------ Supplied material ------

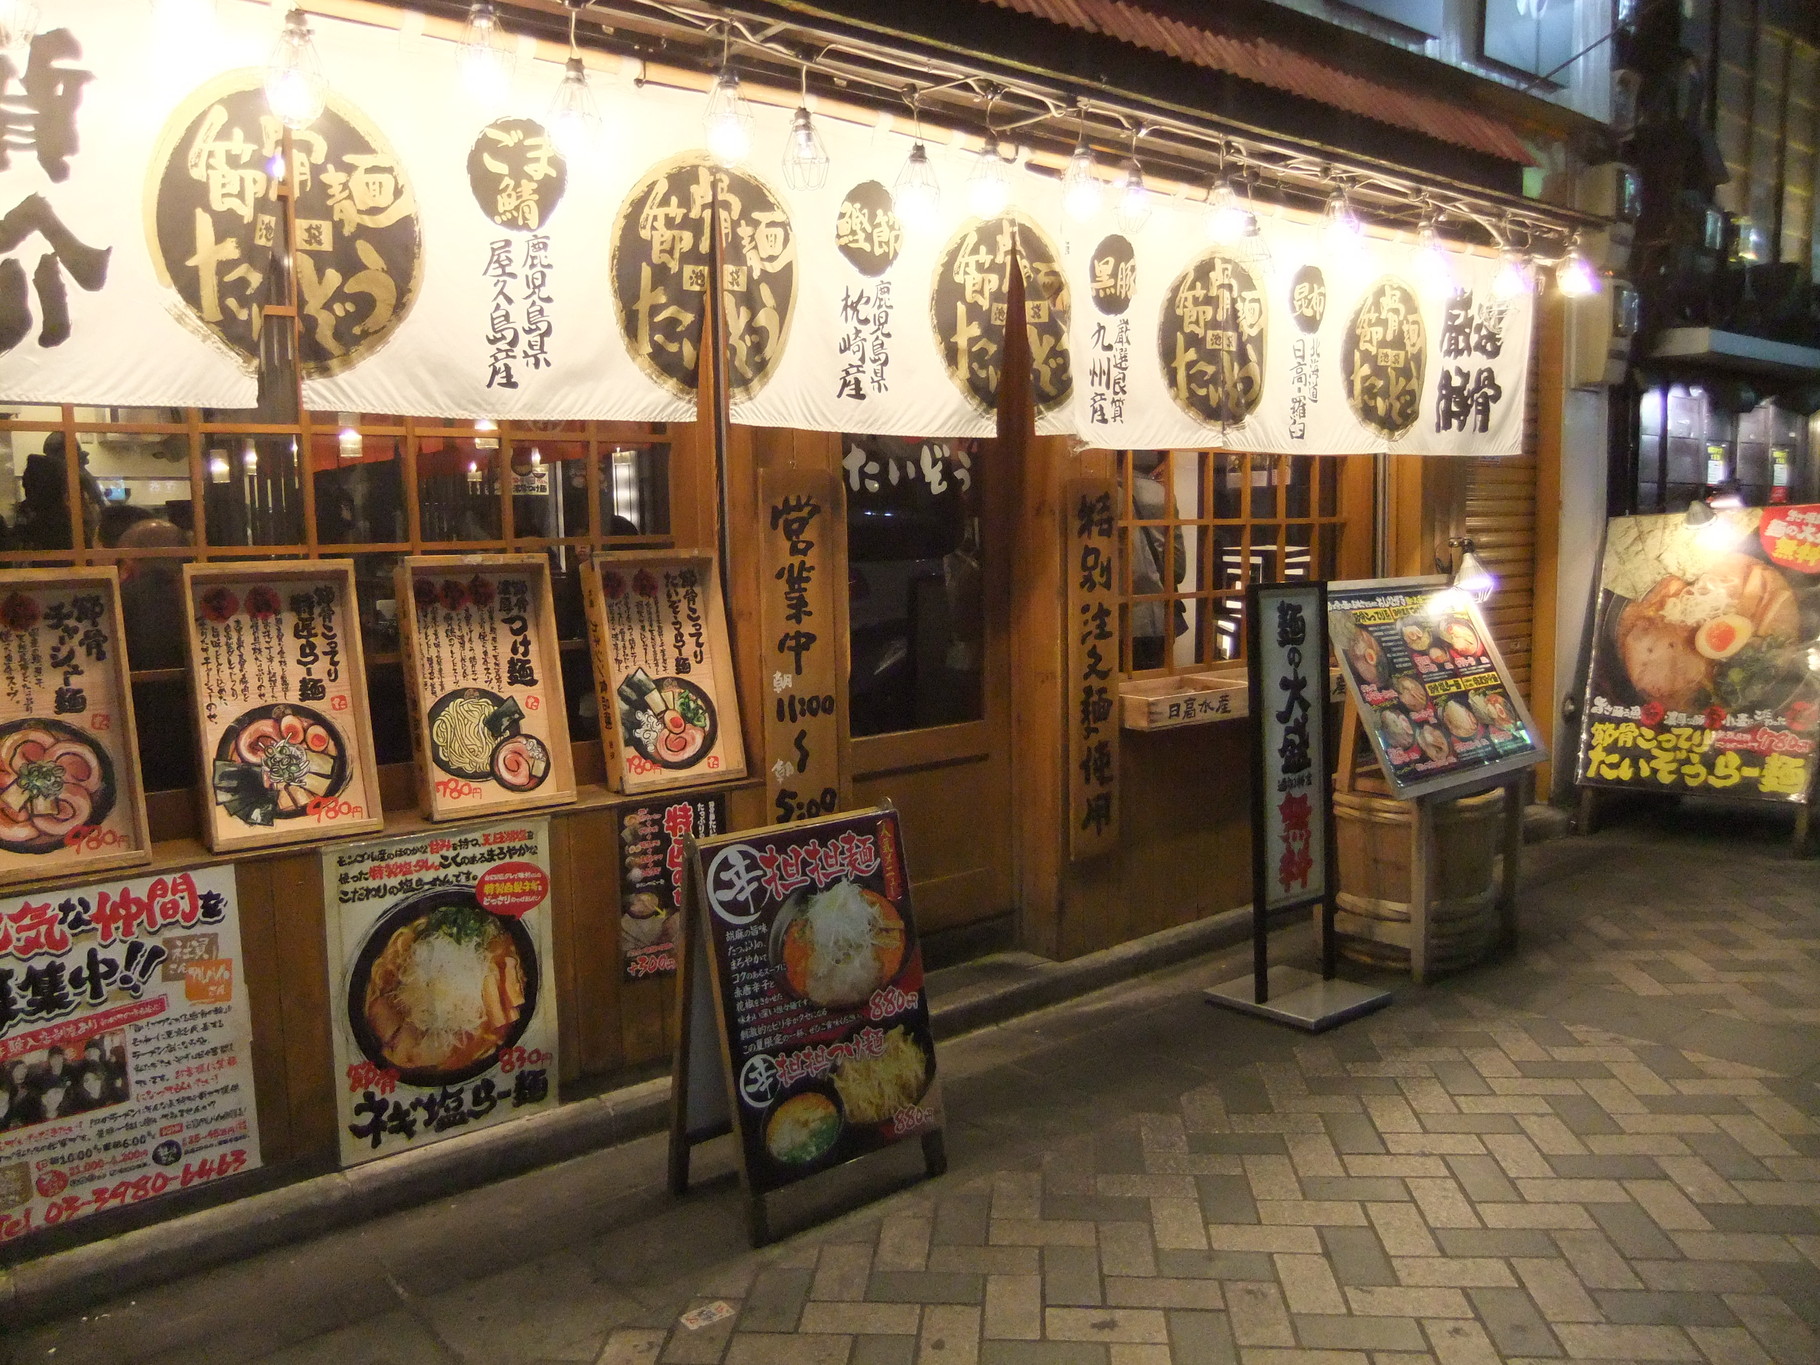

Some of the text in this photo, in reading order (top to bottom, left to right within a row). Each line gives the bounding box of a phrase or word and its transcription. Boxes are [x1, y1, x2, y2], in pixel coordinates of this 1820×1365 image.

[483, 128, 558, 180] ごま
[494, 176, 539, 229] 鯖
[836, 201, 901, 260] 鰹節
[521, 234, 554, 370] 鹿児島県
[1090, 256, 1137, 299] 黒豚
[1293, 283, 1326, 320] 昆布
[482, 239, 520, 389] 屋久島産
[836, 285, 872, 400] 枕崎産
[869, 280, 893, 394] 鹿児島県
[1090, 322, 1114, 424] 九州産
[1111, 318, 1131, 424] 厳選良質
[1308, 337, 1321, 403] 北海道
[842, 443, 971, 495] たいぞう
[770, 495, 821, 676] 営業中
[502, 615, 538, 687] つけ麺
[776, 695, 835, 722] 11:00
[1276, 600, 1312, 775] 麺の大盛
[1590, 721, 1713, 753] 節骨こってり
[435, 778, 482, 800] 780円
[1586, 745, 1806, 795] たいぞうらー麺
[306, 796, 364, 823] 980円
[775, 787, 837, 824] 5:00
[759, 830, 881, 900] 担担麺
[880, 822, 897, 896] 人気メニュー
[869, 987, 919, 1020] 880円

------

What is expected:
Retype the entries verbatim and drop the pictures.

Answer area:
Some of the text in this photo, in reading order (top to bottom, left to right within a row). Each line gives the bounding box of a phrase or word and its transcription. Boxes are [x1, y1, x2, y2], in pixel coordinates of this 1820×1365 image.

[483, 128, 558, 180] ごま
[494, 176, 539, 229] 鯖
[836, 201, 901, 260] 鰹節
[521, 234, 554, 370] 鹿児島県
[1090, 256, 1137, 299] 黒豚
[1293, 283, 1326, 320] 昆布
[482, 239, 520, 389] 屋久島産
[836, 285, 872, 400] 枕崎産
[869, 280, 893, 394] 鹿児島県
[1090, 322, 1114, 424] 九州産
[1111, 318, 1131, 424] 厳選良質
[1308, 337, 1321, 403] 北海道
[842, 443, 971, 495] たいぞう
[770, 495, 821, 676] 営業中
[502, 615, 538, 687] つけ麺
[776, 695, 835, 722] 11:00
[1276, 600, 1312, 775] 麺の大盛
[1590, 721, 1713, 753] 節骨こってり
[435, 778, 482, 800] 780円
[1586, 745, 1806, 795] たいぞうらー麺
[306, 796, 364, 823] 980円
[775, 787, 837, 824] 5:00
[759, 830, 881, 900] 担担麺
[880, 822, 897, 896] 人気メニュー
[869, 987, 919, 1020] 880円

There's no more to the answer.